§ Aim of the task
Your copy should match the records exactly, except that it contains no pictures.

Start of Block

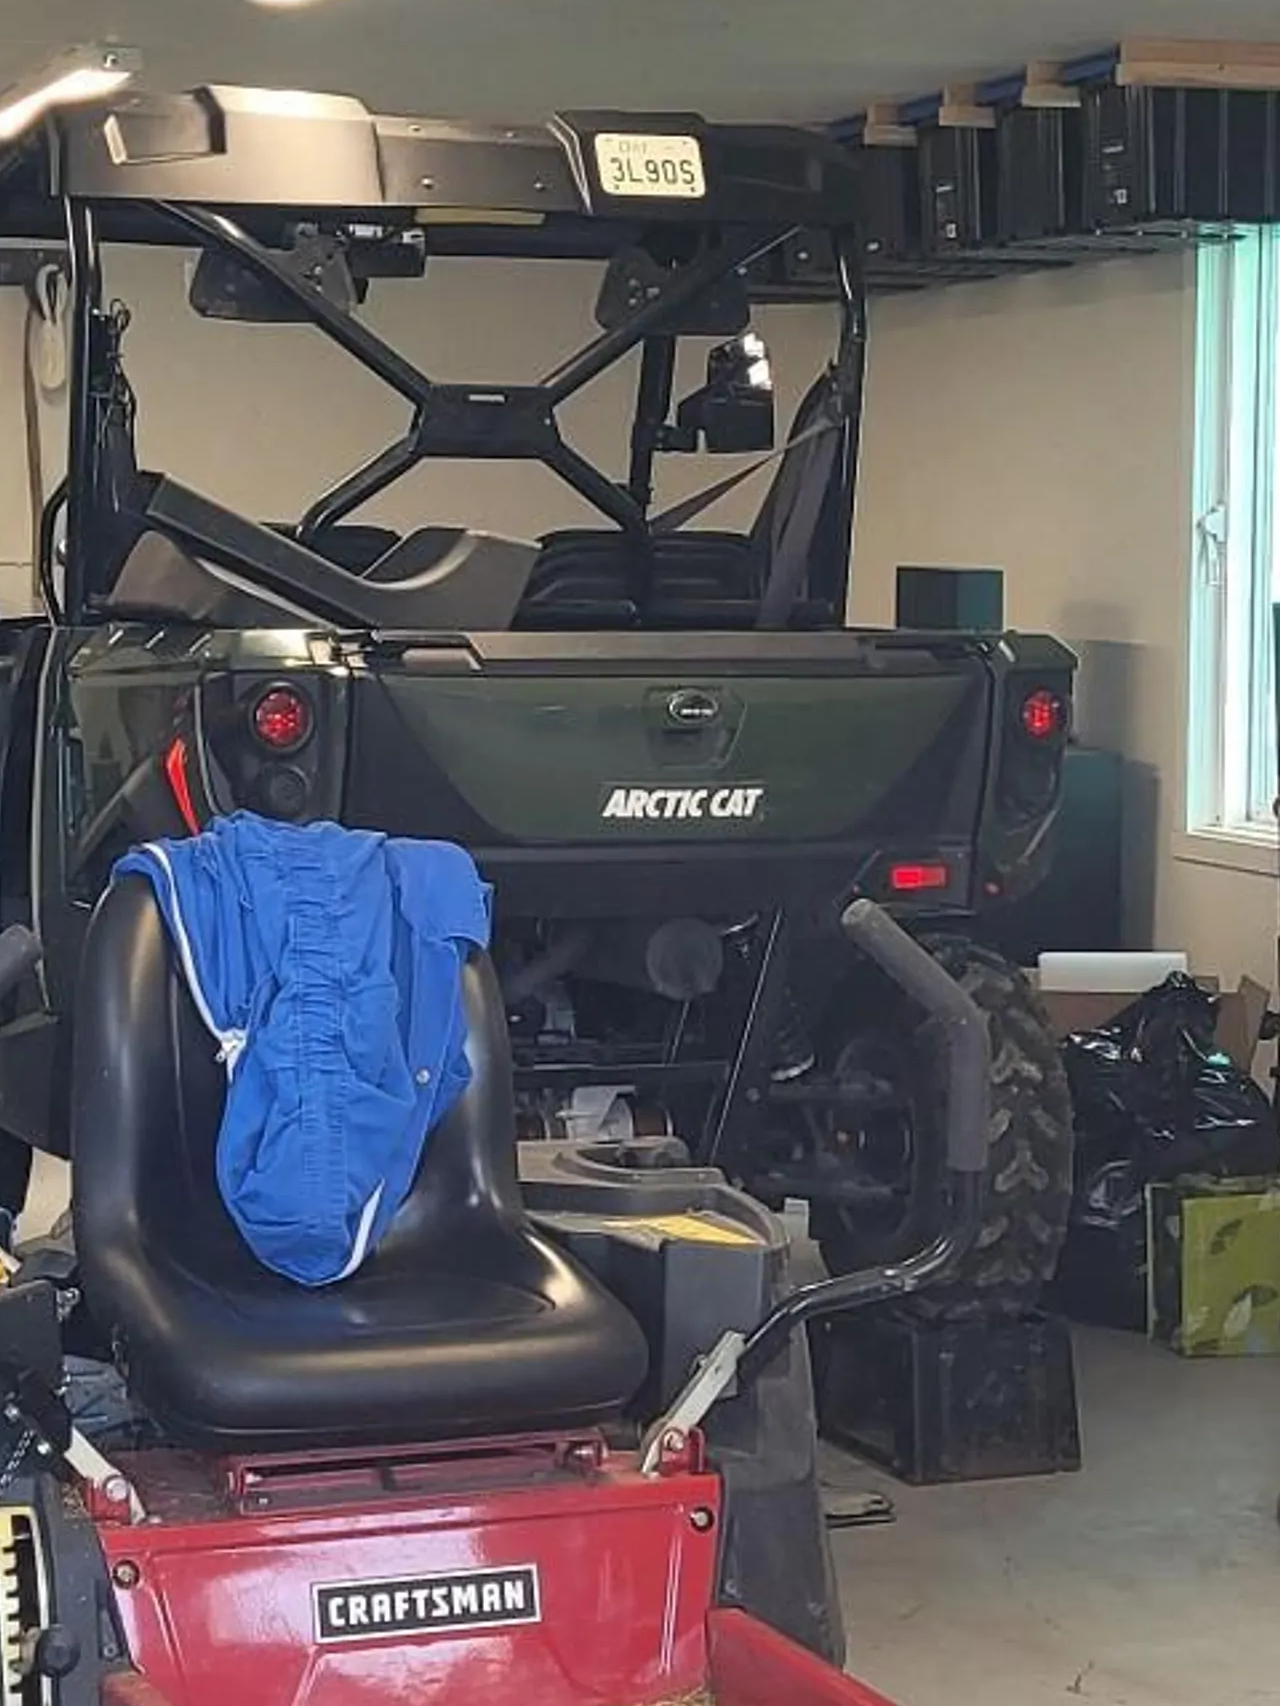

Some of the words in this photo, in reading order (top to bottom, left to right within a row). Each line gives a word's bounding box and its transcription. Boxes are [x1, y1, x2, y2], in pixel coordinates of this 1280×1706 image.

[602, 789, 708, 818] ARCTIC
[709, 789, 764, 817] CAT
[327, 1579, 525, 1627] CRAFTSMAN
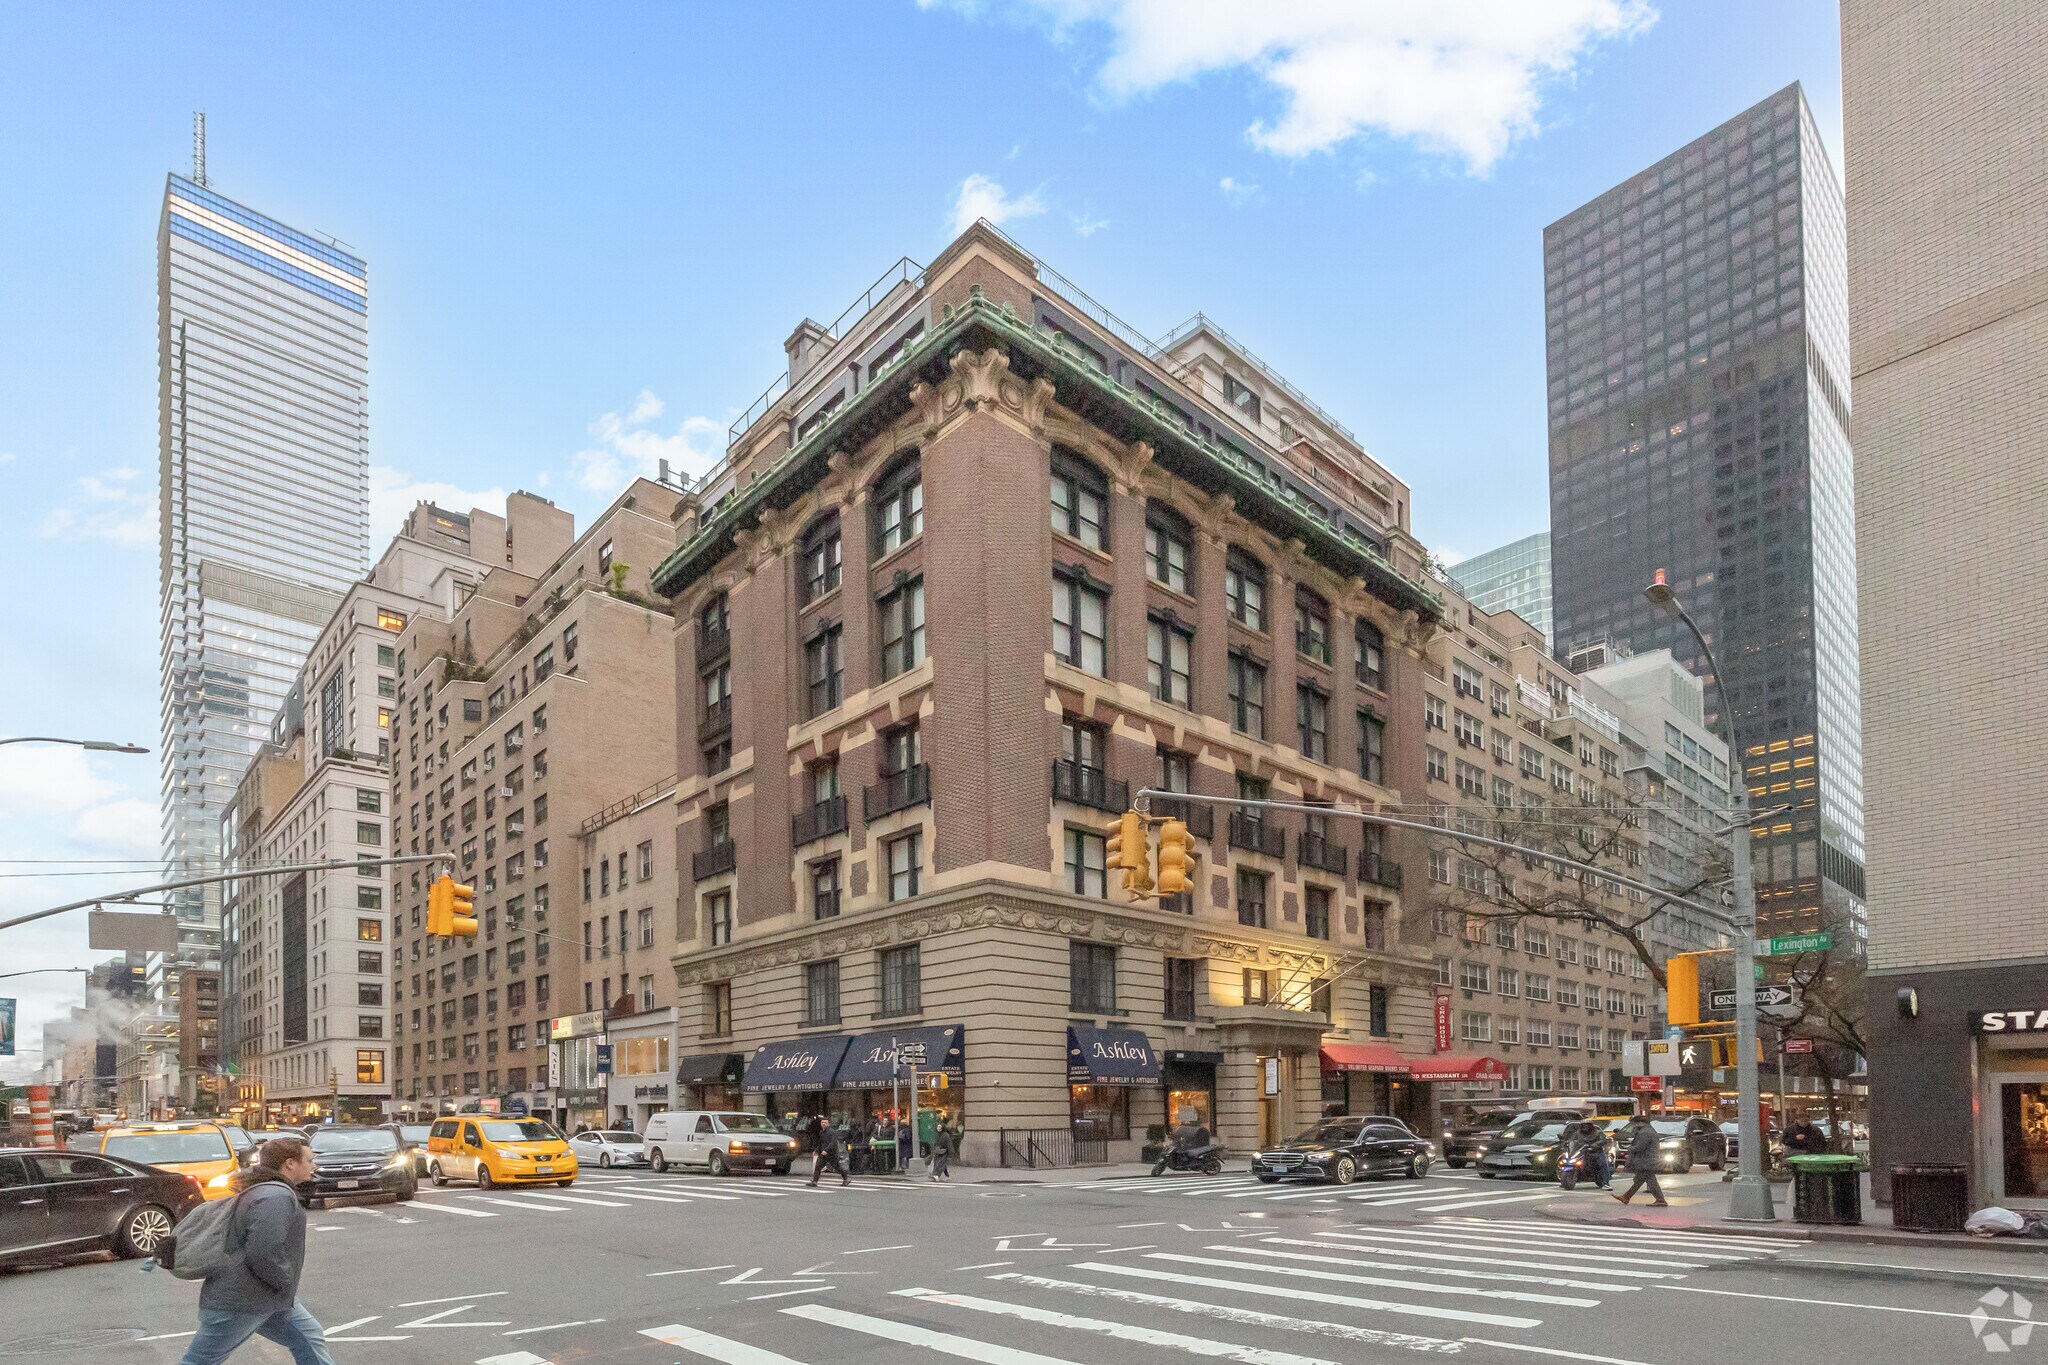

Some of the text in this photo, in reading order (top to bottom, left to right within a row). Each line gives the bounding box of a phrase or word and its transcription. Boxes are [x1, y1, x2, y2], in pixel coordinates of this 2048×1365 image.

[1773, 938, 1818, 951] Lexington
[1755, 991, 1780, 1001] WAY
[1982, 1010, 2048, 1031] STA
[1093, 1041, 1147, 1066] Ashley
[767, 1051, 819, 1073] Ashley
[793, 1082, 823, 1090] ANTIQUES
[859, 1080, 887, 1088] JEWELRY
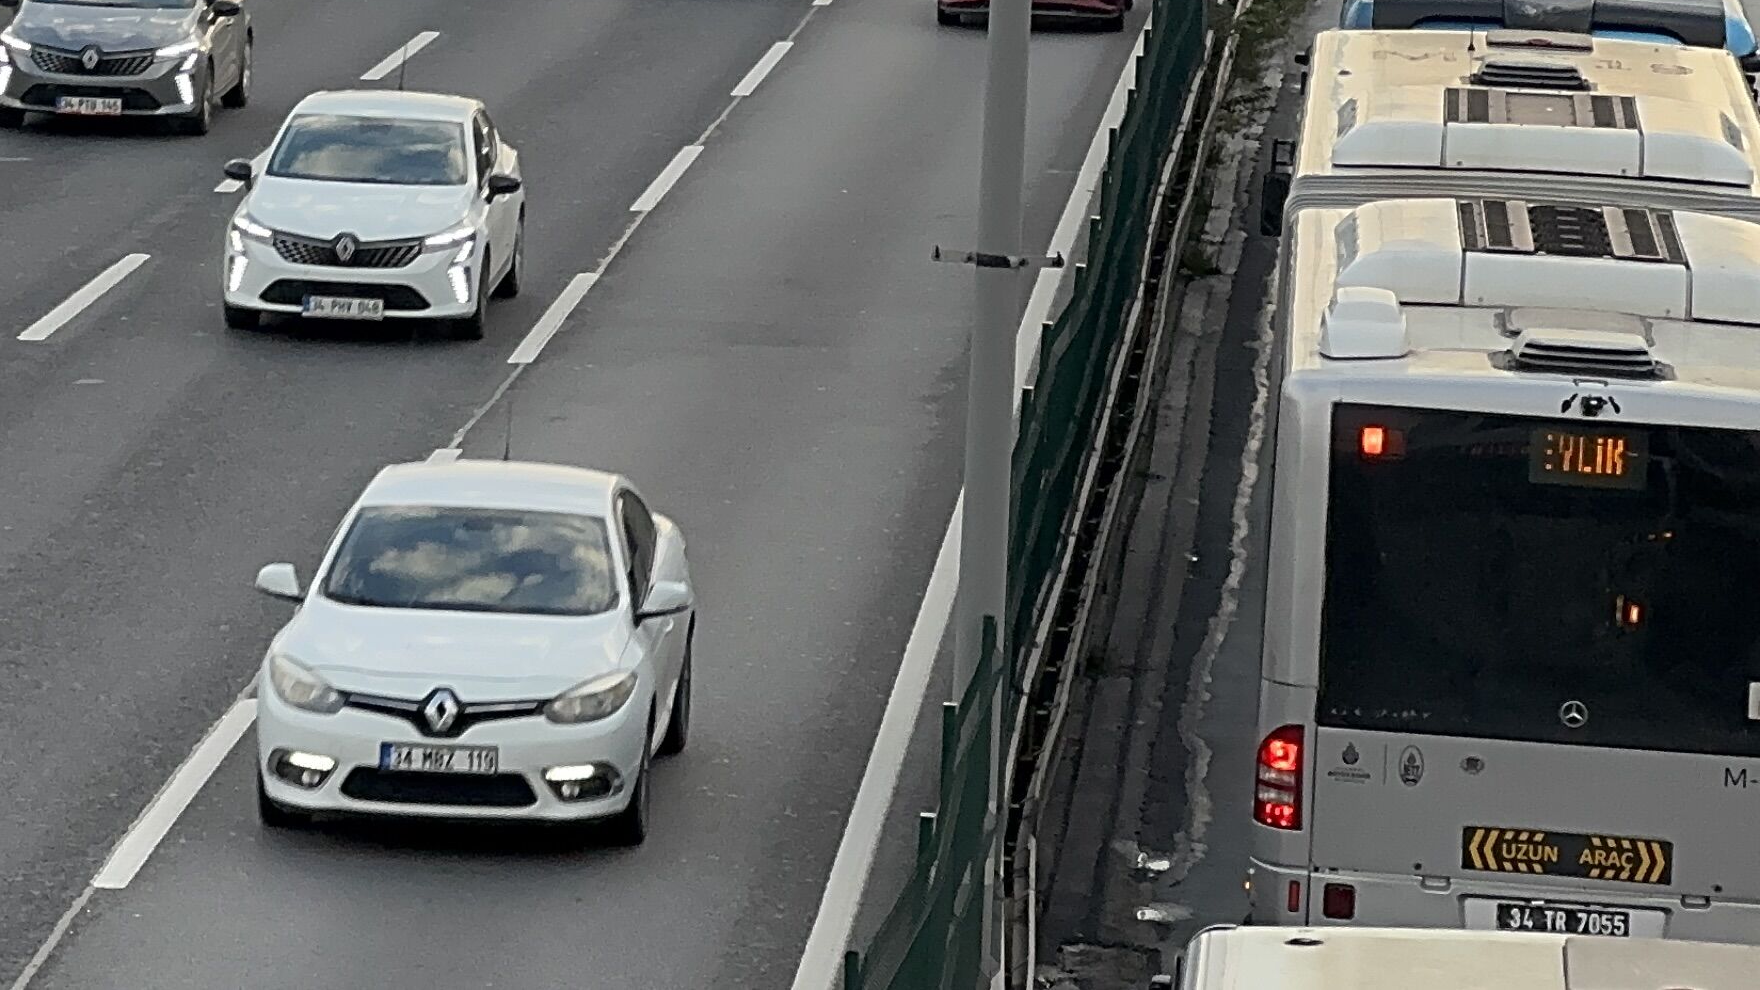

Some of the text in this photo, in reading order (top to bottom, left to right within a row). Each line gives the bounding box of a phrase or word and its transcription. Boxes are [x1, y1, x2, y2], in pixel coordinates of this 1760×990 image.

[393, 750, 412, 768] 34
[1502, 843, 1634, 873] UZUN ARAÇ
[1509, 908, 1625, 936] 34 TR 7055

End of Block

§ Result of the exercise
Some of the words in this photo, in reading order (top to bottom, left to right within a row). Each line gives a word's bounding box and its transcription. Boxes are [x1, y1, x2, y2], in pixel coordinates of this 1280×1706 image.

[602, 789, 708, 818] ARCTIC
[709, 789, 764, 817] CAT
[327, 1579, 525, 1627] CRAFTSMAN

Some of the text in this photo, in reading order (top to bottom, left to right within a row). Each line gives the bounding box of a phrase or word and its transcription. Boxes are [x1, y1, x2, y2], in pixel coordinates of this 2048×1365 image.

[1773, 938, 1818, 951] Lexington
[1755, 991, 1780, 1001] WAY
[1982, 1010, 2048, 1031] STA
[1093, 1041, 1147, 1066] Ashley
[767, 1051, 819, 1073] Ashley
[793, 1082, 823, 1090] ANTIQUES
[859, 1080, 887, 1088] JEWELRY

Some of the text in this photo, in reading order (top to bottom, left to right within a row). Each line gives the bounding box of a phrase or word and its transcription. Boxes are [x1, y1, x2, y2], in pixel coordinates of this 1760×990 image.

[393, 750, 412, 768] 34
[1502, 843, 1634, 873] UZUN ARAÇ
[1509, 908, 1625, 936] 34 TR 7055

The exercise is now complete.